"Coluna do Edmar"
ANOTAÇÃO INSTIGANTE DE LIMA BARRETO NO DIÁRIO DO HOSPÍCIO
Jurandir Freire Costa, psicanalista, escritor e intelectual de nossas letras, num antigo trabalho de pesquisa, disseca a "Liga Brasileira de Higiene Mental", movimento eugênico da psiquiatria brasileira atrelado ao nazismo europeu antes da Segunda Guerra (ver "História da Psiquiatria no Brasil" Ed. Documentário, RJ, l976). Nesse trabalho desenterra um texto significativo do psiquiatra Henrique Roxo (1877-1969). O alienista dos anos vinte e trinta do século passado, preocupado em disseminar as idéias eugênicas entre nós, faz uma afronta, mesmo ao conhecimento científico de então, apenas para afirmar sua tese em que pregava a inferioridade racial dos negros. Dizia o texto de Henrique Roxo, garimpado por Jurandir: "Não é a constituição física do preto, a sua cor escura que lhe marcam o ferrete da inferioridade. É a evolução que não se deu. Ficaram retardatários. Ao passo que os brancos iam transmitindo um cérebro em que as dobras de passagem mais se aprimoravam, em que os neurônios tinham uma atividade mais apurada, os negros que indolentemente se furtaram à emigração, em que a concorrência psíquica era nula, levam a seus dependentes um cérebro pouco afeito ao trabalho, um órgão que de grandes esforços não era capaz".

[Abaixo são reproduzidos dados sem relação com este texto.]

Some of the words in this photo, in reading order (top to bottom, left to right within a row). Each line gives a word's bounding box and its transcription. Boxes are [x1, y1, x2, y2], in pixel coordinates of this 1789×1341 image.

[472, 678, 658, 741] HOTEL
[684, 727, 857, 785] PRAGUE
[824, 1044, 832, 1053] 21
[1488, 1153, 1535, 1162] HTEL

Meu Deus! Quanta deturpação da ciência em nome da política. O que estava por trás era o racismo desavergonhado de então. Releia o texto para realçar a deformidade que o racismo impunha ao que se chamava de ciência. Atenção para afirmações inteiramente falsas sobre anatomia para afirmar o racismo. E tem mais, vocifera Henrique Roxo, pregando abertamente a aculturação e subordinação racial: "Suponhamos(...) que um negro com esta má tara hereditária se transportasse para um centro adiantado e que com sua congênere viesse a ter descendência. Imaginemos (...) que esta fosse pouco a pouco progredindo e que de pai a filho se fosse legando cada vez mais um cérebro exercitado, ativo. Dentro de um certo número de descendentes chegaria, finalmente, um cérebro tão evoluído quanto de um branco. Seria tão inteligente quanto este". Mas porque fui buscar tal despautério de um psiquiatra do começo do século passado, hoje sabidamente ultrapassado nos seus conhecimentos? (Apesar de um auditório do Instituto de Psiquiatria da antiga Universidade do Brasil – atual UFRJ –, berço do conhecimento acadêmico, levar seu nome. E vários hospitais psiquiátricos pelo Brasil).

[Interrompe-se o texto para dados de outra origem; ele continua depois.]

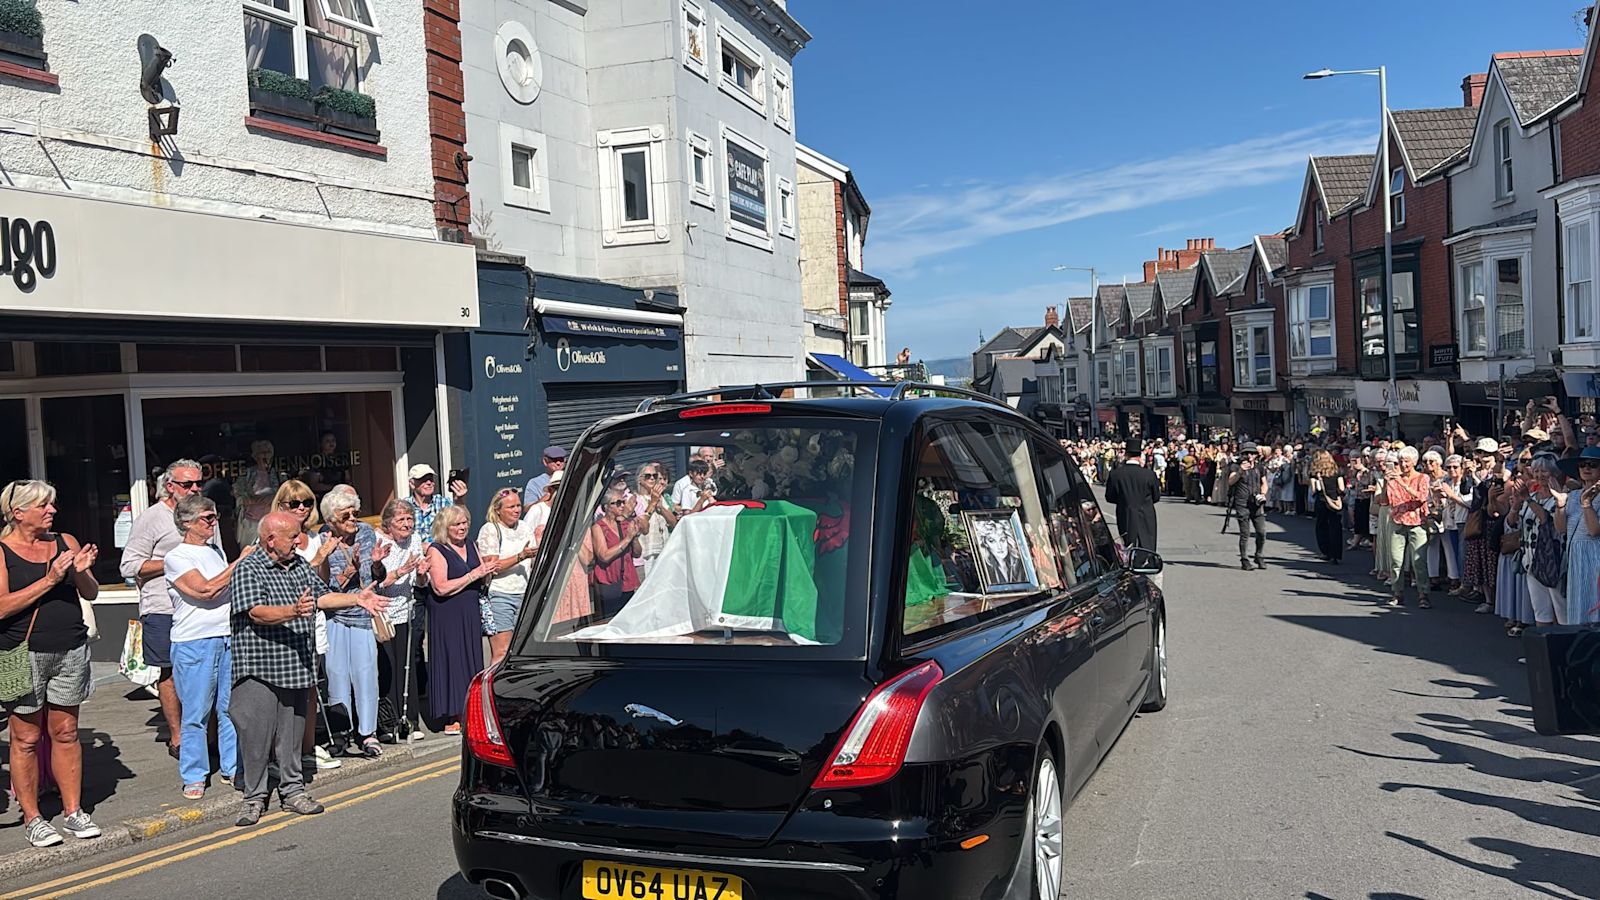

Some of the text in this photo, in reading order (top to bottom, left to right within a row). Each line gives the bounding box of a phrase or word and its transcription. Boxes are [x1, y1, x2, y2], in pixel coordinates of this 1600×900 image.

[461, 307, 470, 318] 30
[1329, 397, 1354, 411] HOUSE
[202, 459, 247, 481] OFFEE
[597, 867, 729, 900] OV64 UAZ
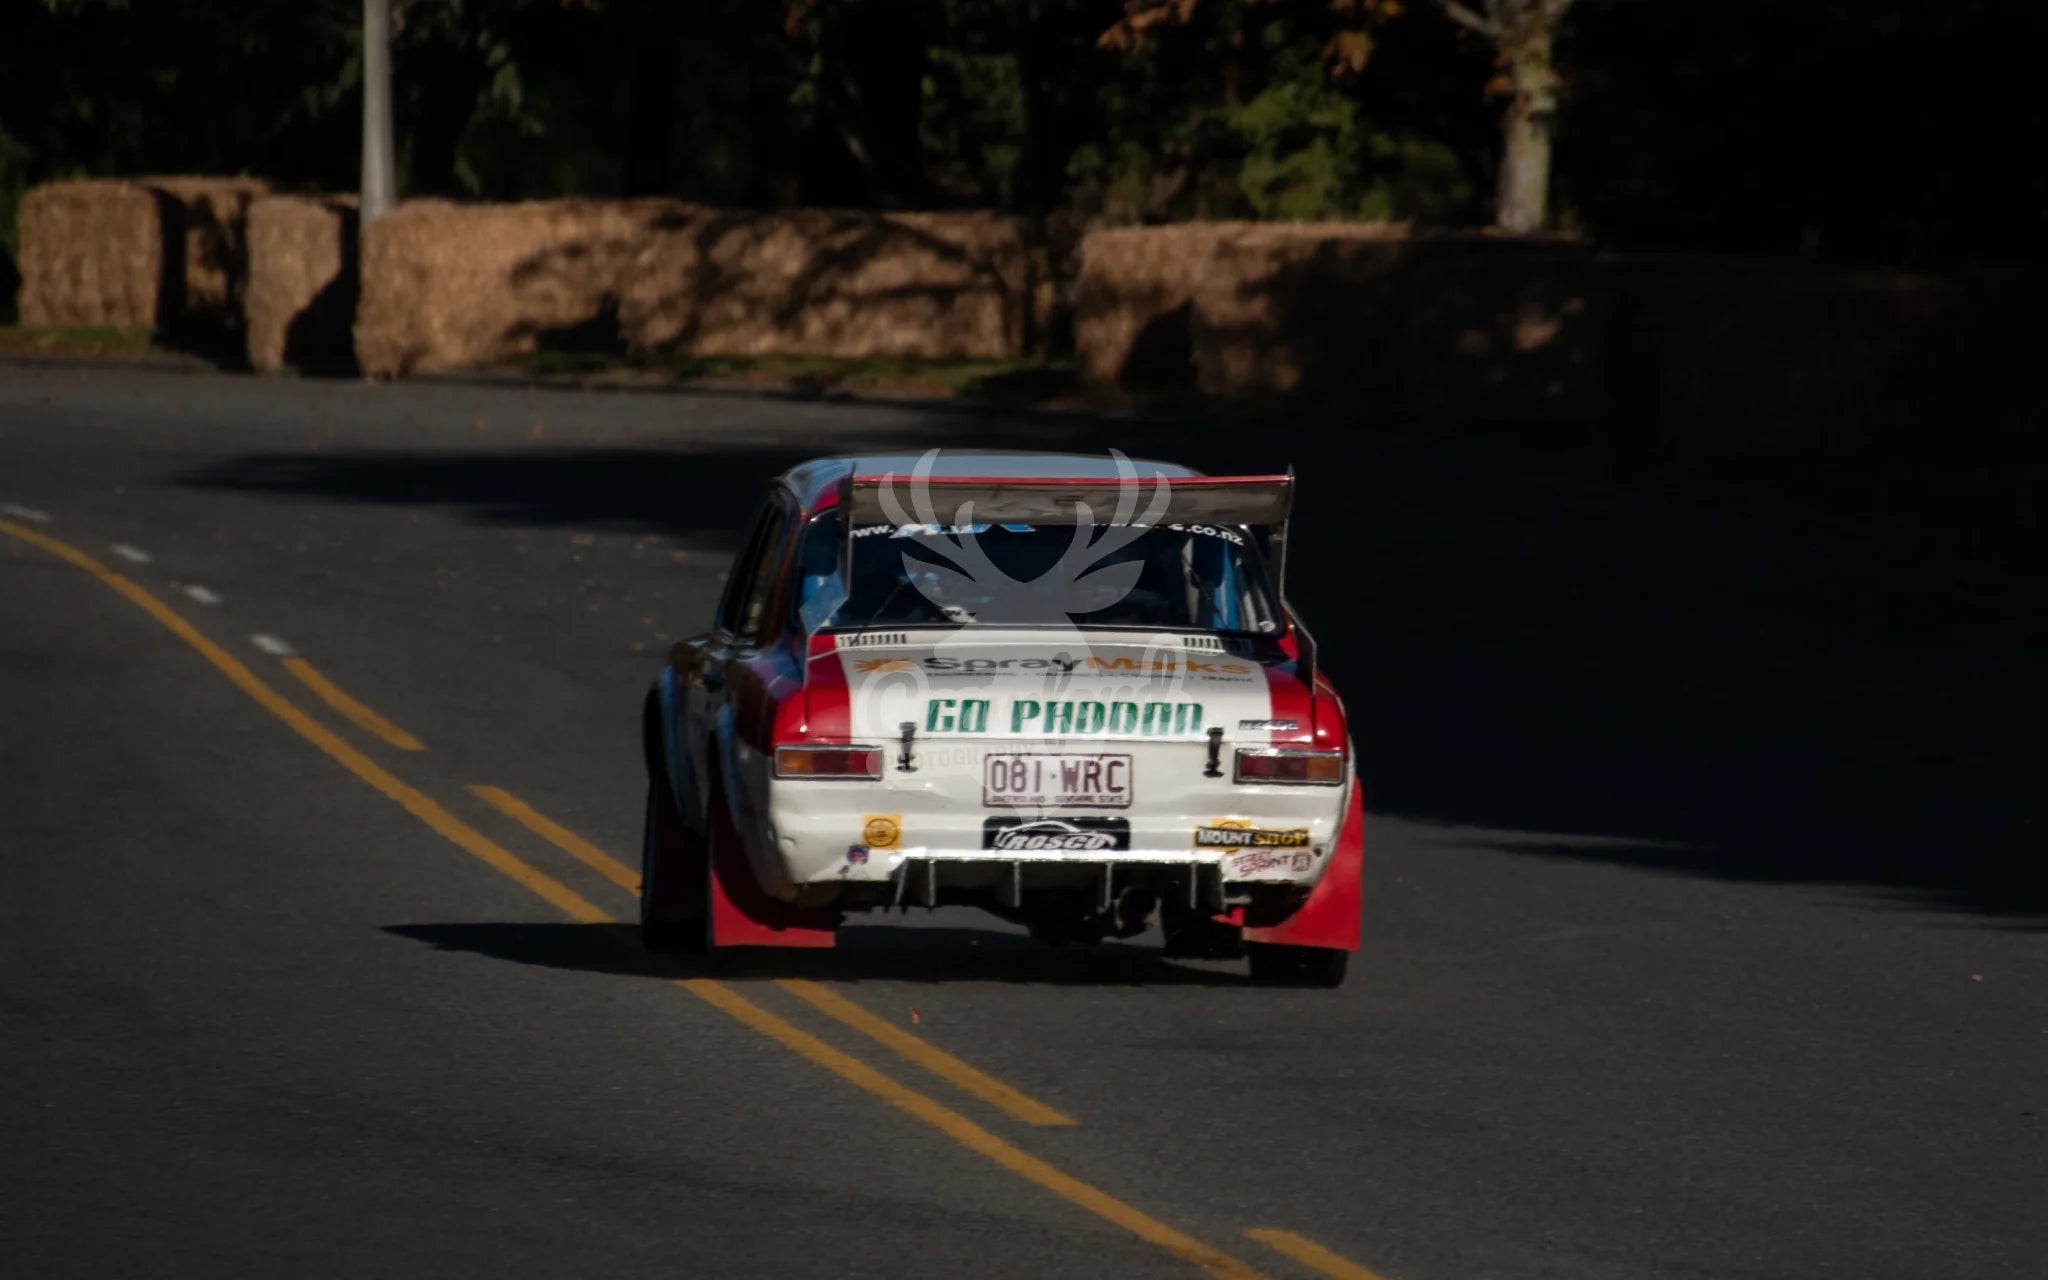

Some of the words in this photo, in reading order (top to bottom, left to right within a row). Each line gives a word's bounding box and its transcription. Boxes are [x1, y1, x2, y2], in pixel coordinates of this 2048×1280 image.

[923, 655, 1252, 675] SprayMarks
[925, 698, 990, 733] GO
[1010, 699, 1204, 736] PADDON
[1003, 834, 1108, 849] ROSCO
[1197, 829, 1252, 846] MOUNT
[1254, 832, 1306, 846] SHOP

Primeiro, porque é muito bom que saibamos que o fascismo, o nazismo e o racismo estiveram entre nós e sempre tentam um retorno, mesmo por linhas tortas. Nos deixa vigilantes contra um pseudo-saber que, vez por outra, nos apresentam. Com a certeza do Henrique Roxo nos falam agora da droga da felicidade, de mapeamentos cerebrais e outras bobagens. Mas não é disso aqui que falo hoje.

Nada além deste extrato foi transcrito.